Growing up in France, cordon bleu was my all time favourite and it was pretty easy to satisfy my obsession as you could buy pretty good ones from the frozen section of most supermarkets. As I left France, I started making my own one from scratch, which proved to be a really good move!

Ingredients: (serve 4)

4 large chicken breasts
4 large slices leg ham, freshly cut
4 slices Emmental, Gruyere or Swiss cheese
2 eggs, lightly beaten
1 cup flour
1 cup bread crumbs
Sea salt and freshly ground pepper
Olive oil


1. Unfold the first chicken breast and flatten it by pounding with a meat mallet or rolling pin. The trick is not to pound to hard, but to pound firmly and evenly until it’s a somewhat uniform flatness and similar shape and size to your ham slices.

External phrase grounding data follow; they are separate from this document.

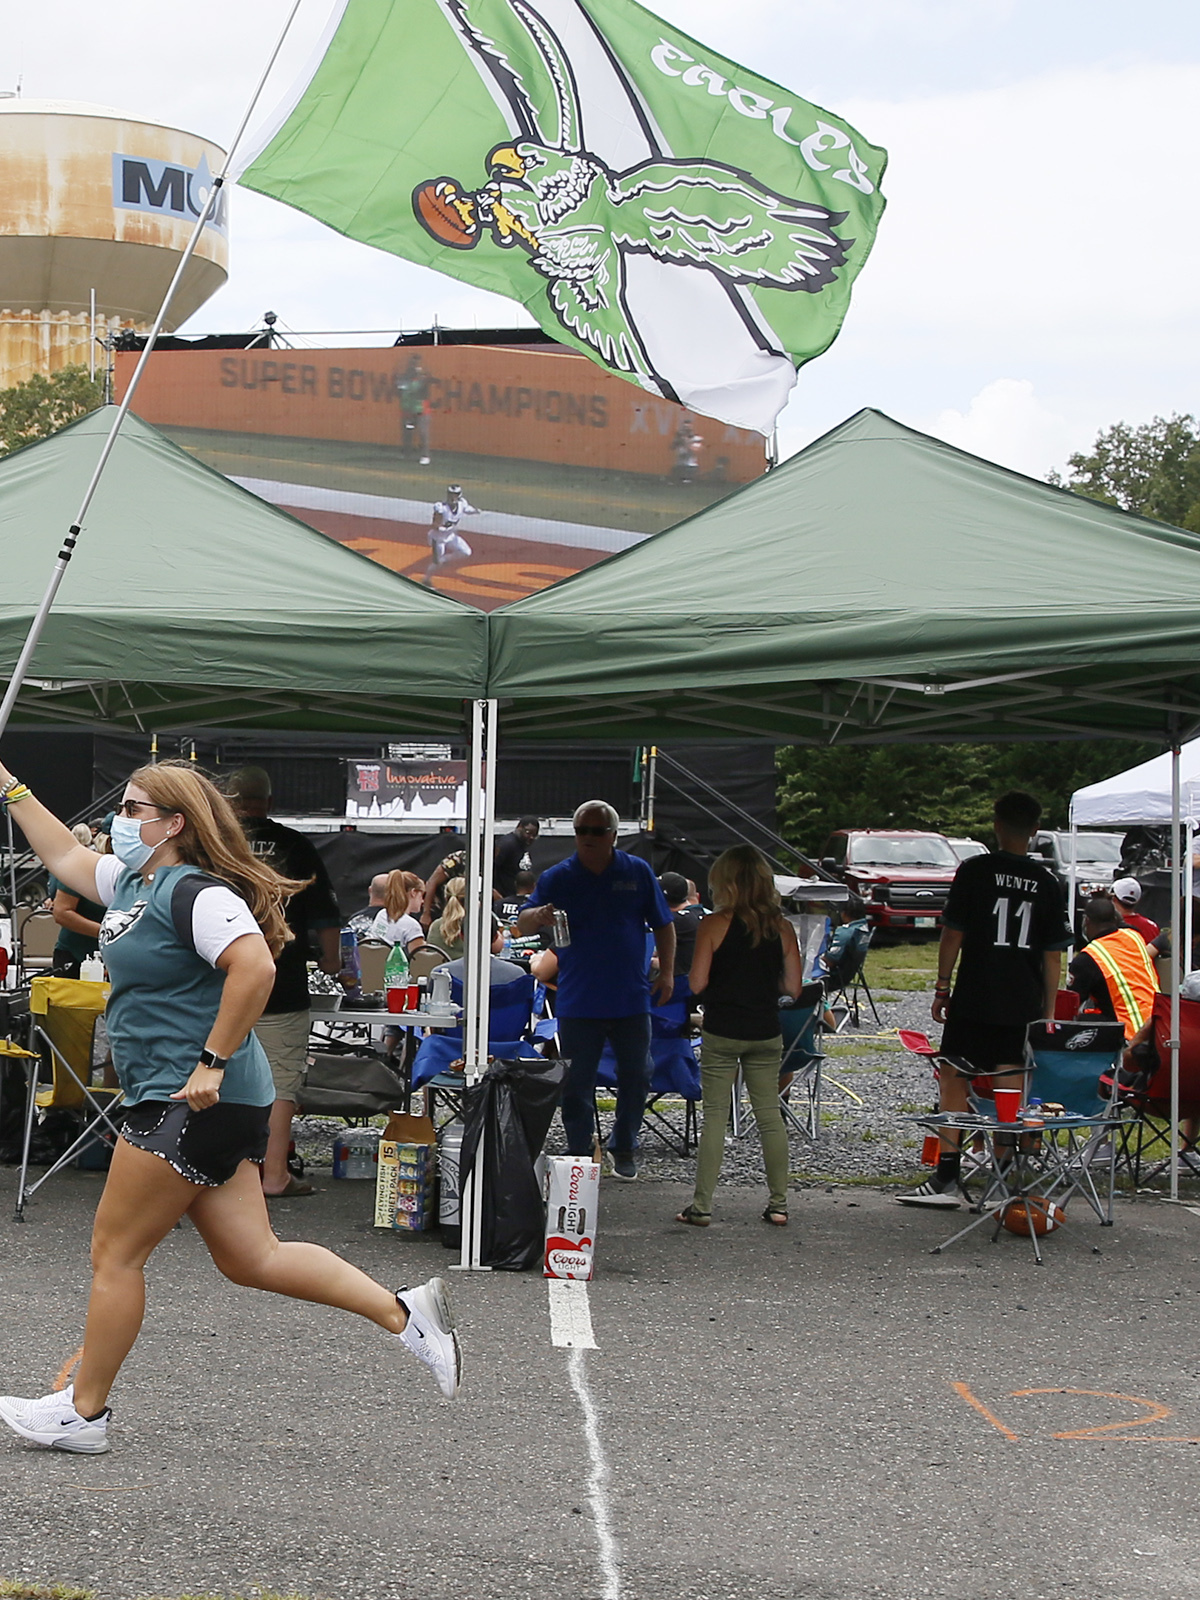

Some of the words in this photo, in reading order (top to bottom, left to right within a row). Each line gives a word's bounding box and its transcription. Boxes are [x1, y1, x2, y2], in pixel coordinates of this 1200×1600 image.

[220, 356, 320, 397] SUPER
[327, 366, 405, 405] BOW
[428, 378, 609, 429] CHAMPIONS
[385, 766, 457, 784] Innovative
[994, 873, 1039, 893] WENTZ
[502, 903, 519, 915] TEE
[992, 897, 1032, 949] 11
[383, 1146, 394, 1159] 15
[389, 1166, 398, 1189] PACK
[569, 1166, 584, 1200] Coors
[378, 1184, 386, 1212] FLYING
[387, 1190, 396, 1224] VARIETY
[567, 1202, 577, 1234] LIGHT
[552, 1252, 587, 1266] Coors

Repeat with the other breasts.

2. Season each breast with salt & pepper and place a slice of ham and then cheese on top.

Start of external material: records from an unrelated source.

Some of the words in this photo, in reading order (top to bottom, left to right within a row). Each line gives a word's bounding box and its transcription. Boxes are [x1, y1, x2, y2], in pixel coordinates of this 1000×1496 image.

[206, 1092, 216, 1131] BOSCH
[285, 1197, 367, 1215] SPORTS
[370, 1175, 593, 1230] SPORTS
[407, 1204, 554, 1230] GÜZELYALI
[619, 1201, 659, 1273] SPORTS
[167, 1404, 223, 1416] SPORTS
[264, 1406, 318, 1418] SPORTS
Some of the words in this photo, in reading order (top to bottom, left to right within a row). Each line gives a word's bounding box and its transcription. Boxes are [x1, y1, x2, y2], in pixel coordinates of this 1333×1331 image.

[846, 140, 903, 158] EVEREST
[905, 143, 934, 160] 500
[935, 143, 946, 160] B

3. Cut any sticking out part to ensure the 3 layers all have the same shape and size and fold neatly.
Coat each cordon in the flour, beaten egg and bread crumbs.

4. Pre-heat a large non stick pan on medium heat, add a splash of olive oil. When the oil is hot, add the cordon bleus and cook for 5 minutes on each side or until nicely golden. Season with salt & pepper.

Serve it hot with a side of salad or Petit Pois a la Francaise! You could also make a few extras and freeze it for an easy dinner during the week!